No final da incubação, lave os slides três vezes em PBST fresco como demonstrado e adicione 250 microliters de peroxidase de rabanete streptavidin recém-preparada a cada slide. Para desenvolver o sinal para a segunda proteína alvo de interesse, depois de três lavagens PBST, trate os slides com o tirado conjugado fluoróforo em um espectro diferente de fluorescência. Para impedir o desenvolvimento do sinal de tiradoide, submergir os slides no PBST.
Em seguida, manche as amostras com um corante nuclear apropriado. Para a imagem por microscopia de fluorescência, monte cada lâmina de corante nuclear rotulada com uma gota de um meio de montagem apropriado em uma mancha de cobertura. Use o objetivo 4X para localizar o tecido na lâmina.
Mude para o objetivo de 10X para imagem e ajuste o tempo de exposição para 100 a 400 milissegundos com a fonte de luz entre 40 e 80% de intensidade. Em seguida, obtenha imagens em cada canal sem mover o palco. As imagens de cada canal podem ser mescladas para formar uma imagem fluorescente multiplex.
Sem descascar entre a primeira e a coloração secundária de anticorpos, a segunda mancha para hidroxilase de tiranosina captará sinais da proteína de primeiro alvo de interesse resultando em uma falsa mancha de hidroxilase tyrosina positiva, por exemplo, nesta amostra dentro do córtex adrenal.
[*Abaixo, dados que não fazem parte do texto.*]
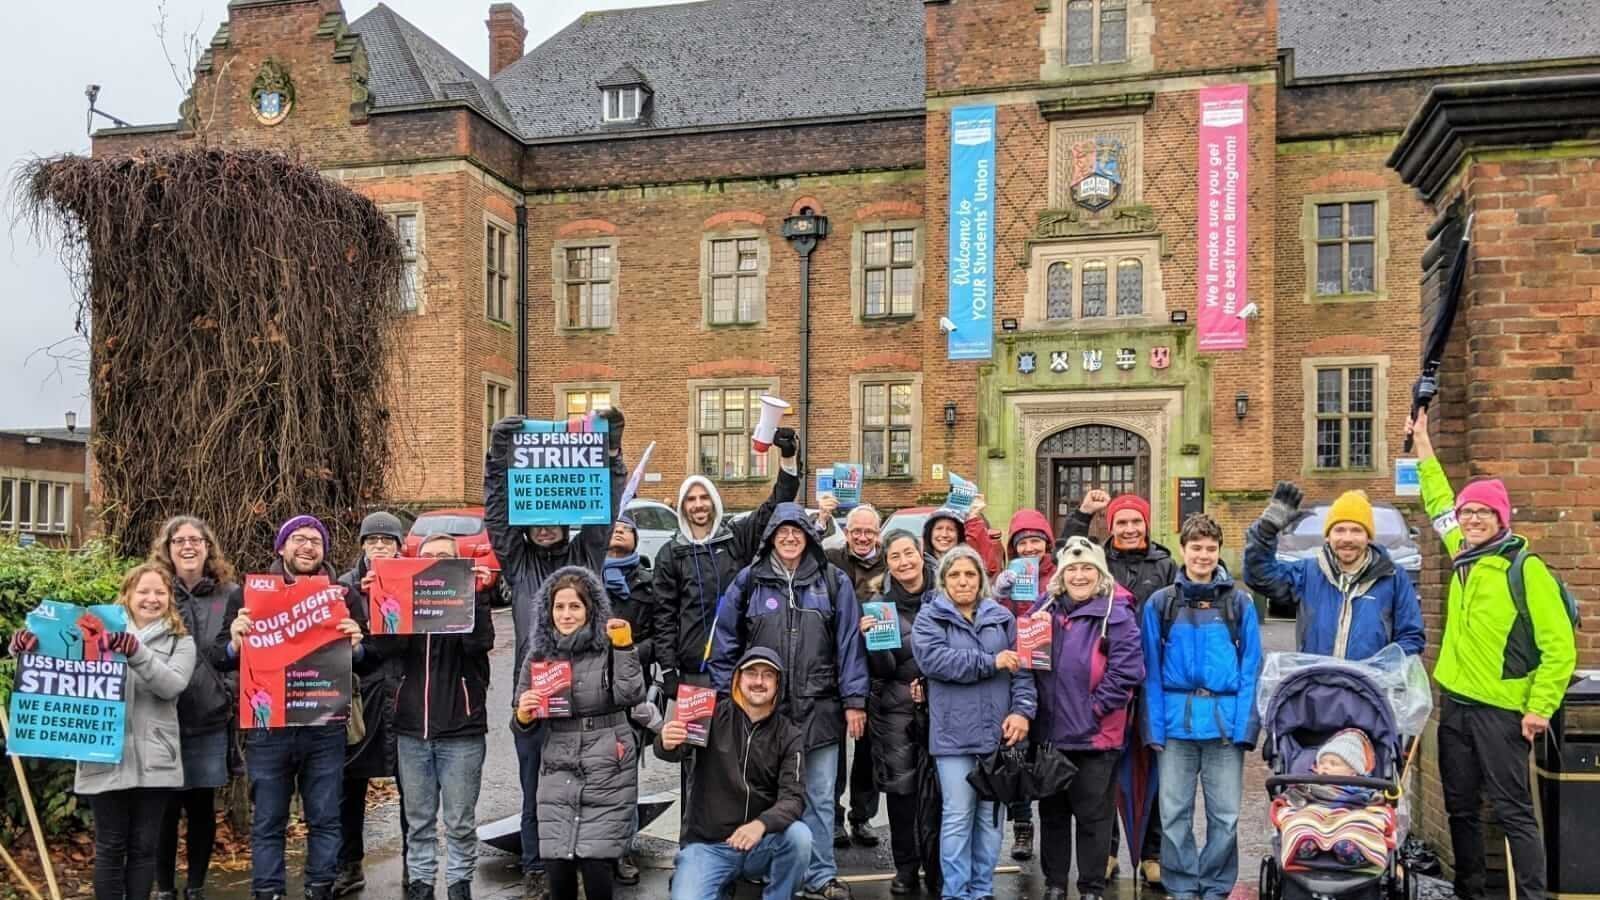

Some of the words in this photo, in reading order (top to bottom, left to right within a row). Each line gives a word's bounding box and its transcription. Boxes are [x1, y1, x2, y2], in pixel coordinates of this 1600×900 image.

Para remover a reatividade cruzada de anticorpos no peroxidase de rabanete da primeira imunostaining, um minuto e oito minutos de descascamento mediado por micro-ondas podem ser realizados resultando em resultados limpos de coloração dupla. Nenhum sinal significativo é captado em amostras de controle negativos.
A desmontagem de oito minutos no tampão de citrato fervente também é suficiente para eliminar a reatividade cruzada de anticorpos para muitos anticorpos comumente usados na glândula suprarrenal. Em alguns casos, um sinal falso positivo fraco ainda é detectável, no entanto, e um aumento de 20 minutos para o tratamento de micro-ondas ainda pode não remover completamente o anticorpo cross-reatividade. Durante a imagem de fluorescência, é importante não mover o palco ao trocar de canal.
No entanto, pode ser necessário reajustar o foco para obter imagens claras de cada canal. Para cada canal, certifique-se de ajustar o tempo de exposição para garantir que os sinais sejam adequadamente expostos sem pixels ou áreas superexpostas nas imagens. Durante o procedimento de coloração, é importante manter os slides hidratados da depilação e os slides podem ser despojados usando os mesmos métodos de descascamento várias vezes para permitir a coloração multiplex.